Exceptional Placement provides an additional acceleration option for students who are ready to skip Common Core (CC) 7/8 and begin middle school in Common Core (CC) 8/Algebra 1. Historically, approximately 1.5% of ISD students qualify for Exceptional Placement each year.

Who is eligible to test for Exceptional Placement?

There are two groups of students who are eligible to take the Exceptional Placement test. More information will be provided to each of these groups in the spring.

Readiness Criteria

  • Since CC6 math is taught in the 5th grade MERLIN program, 5th grade MERLIN students will take the CC 7/8 Math Mastery Assessment test in their classrooms each spring.
  • Non-MERLIN students interested in exceptional placement will have the opportunity to take the CC 7/8 Math Mastery Assessment to qualify for Exceptional Placement. Testing will take place in the spring. The district will notify 5th grade students and families in the spring regarding testing dates and locations.
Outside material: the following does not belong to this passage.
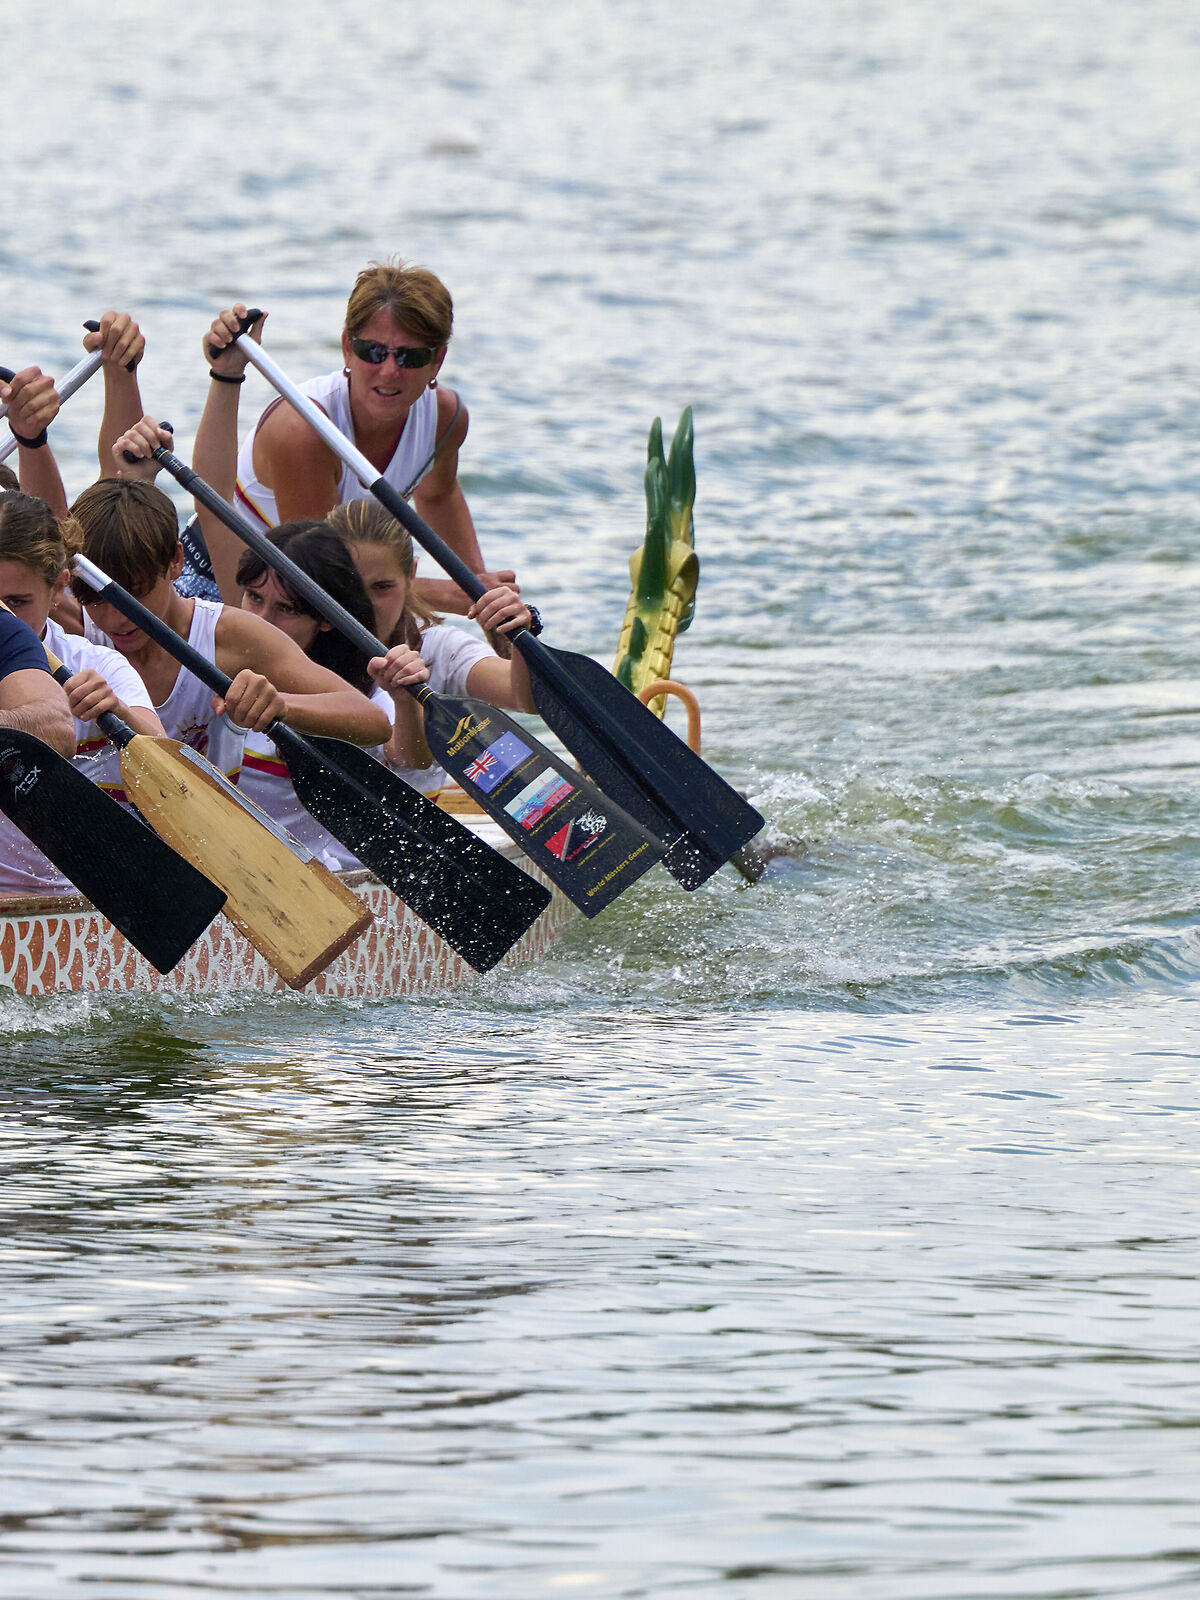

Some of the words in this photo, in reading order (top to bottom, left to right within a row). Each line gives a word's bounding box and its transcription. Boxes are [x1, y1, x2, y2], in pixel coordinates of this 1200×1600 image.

[446, 717, 492, 757] MotionMaster
[586, 879, 606, 897] World
[604, 859, 629, 882] Masters
[627, 842, 649, 861] Games
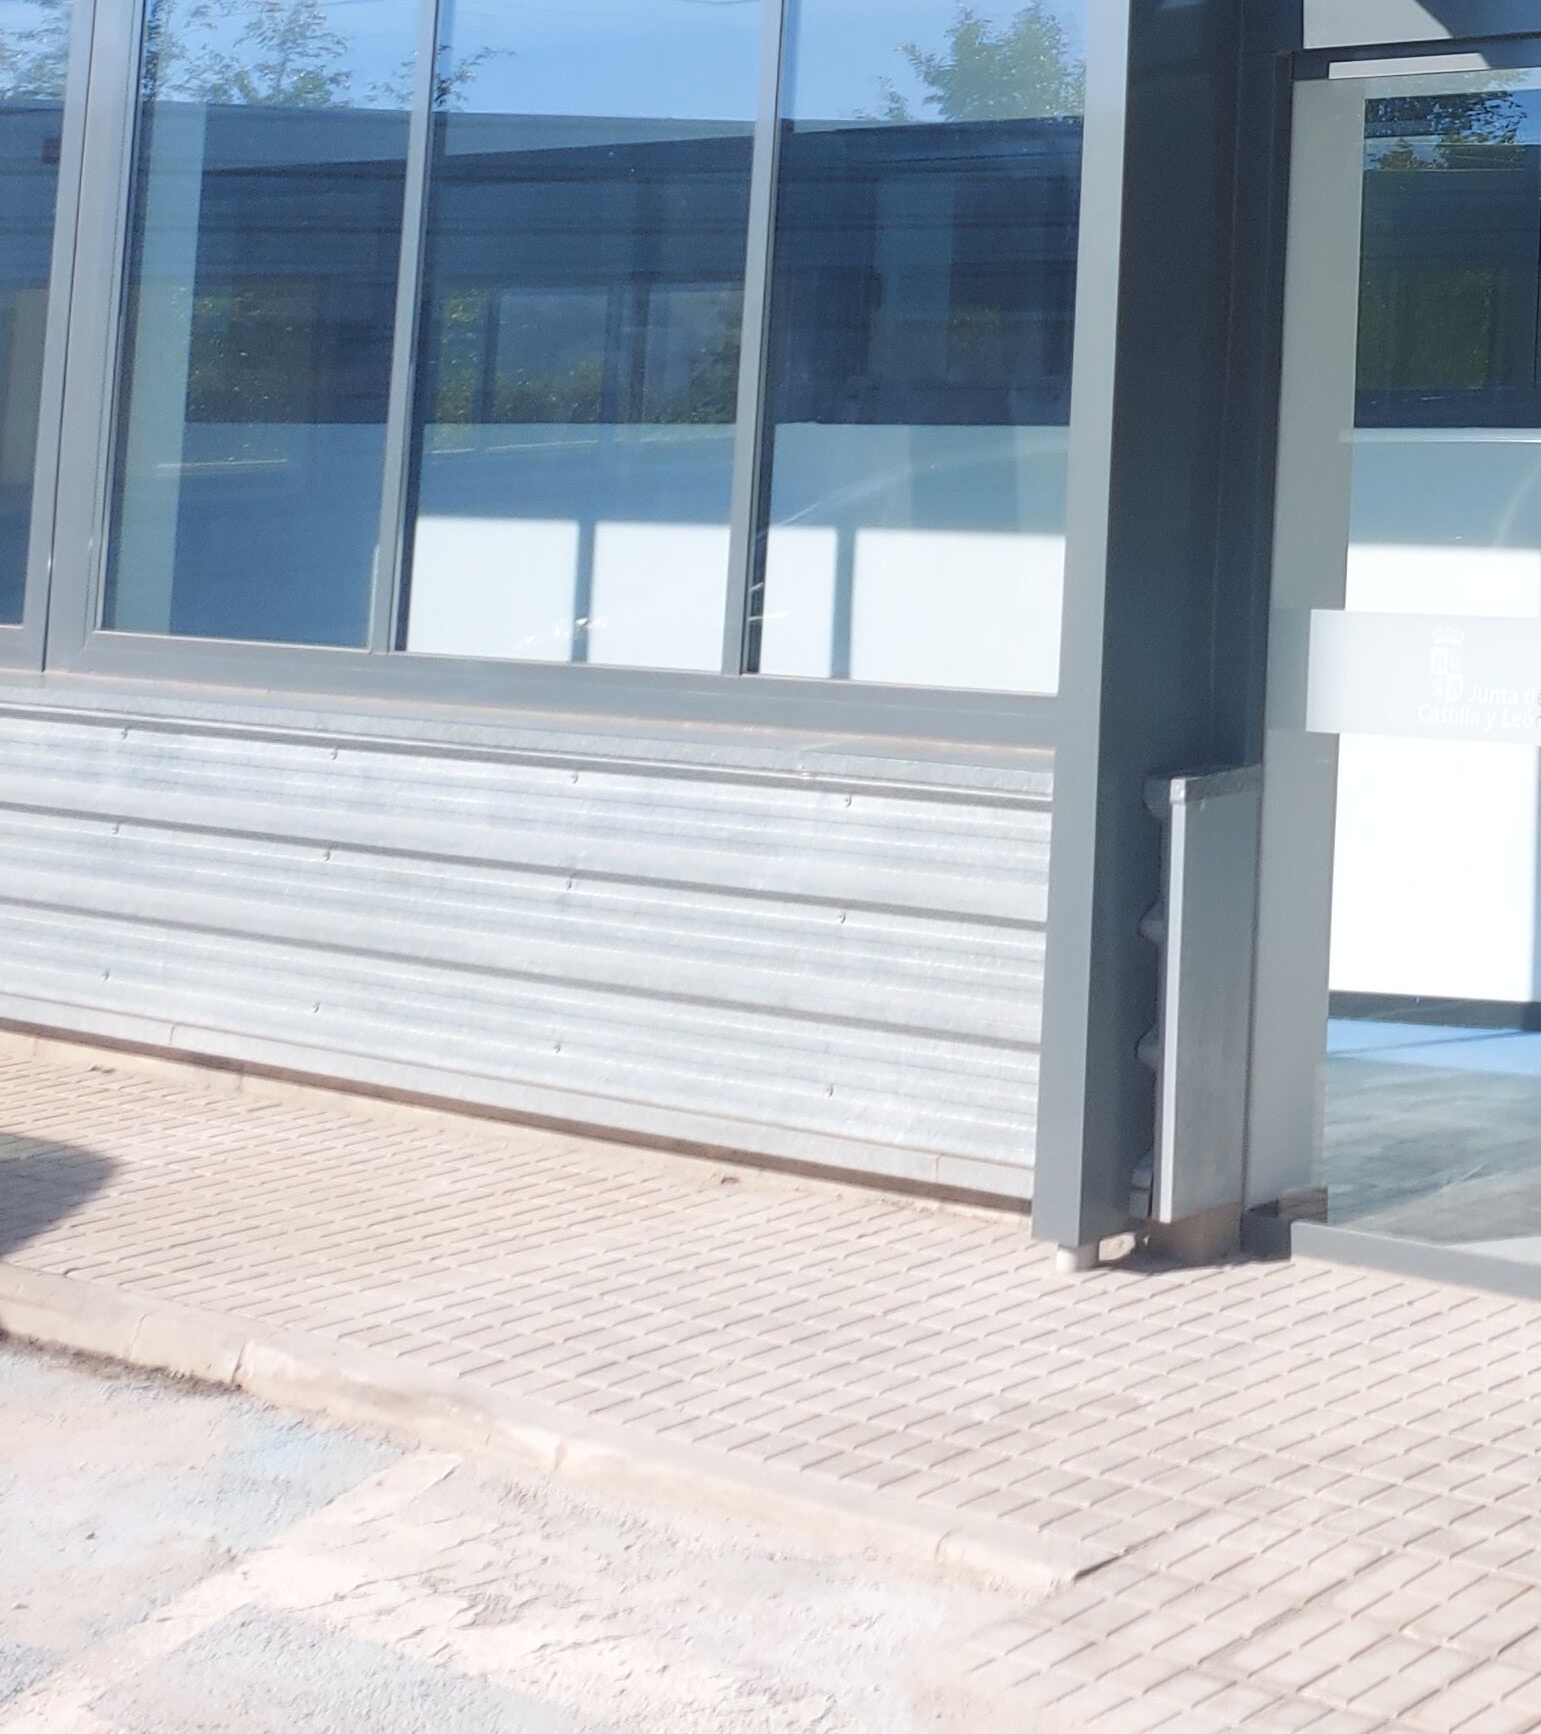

What are the criteria to qualify for Exceptional Placement?

  • Exceptional placement is not a self-select option in the Issaquah School District.
  • Eligible students must demonstrate sufficient mastery of CC 7/8 concepts and skills on a district-administered assessment.
  • Once a student has qualified for Exceptional Placement, parents make the final determination of whether or not to accept that placement. Further information will be provided to families of students who qualify for Exceptional Placement to help inform this decision.

Is Exceptional Placement right for your?

There are several factors for you to consider as you make this decision.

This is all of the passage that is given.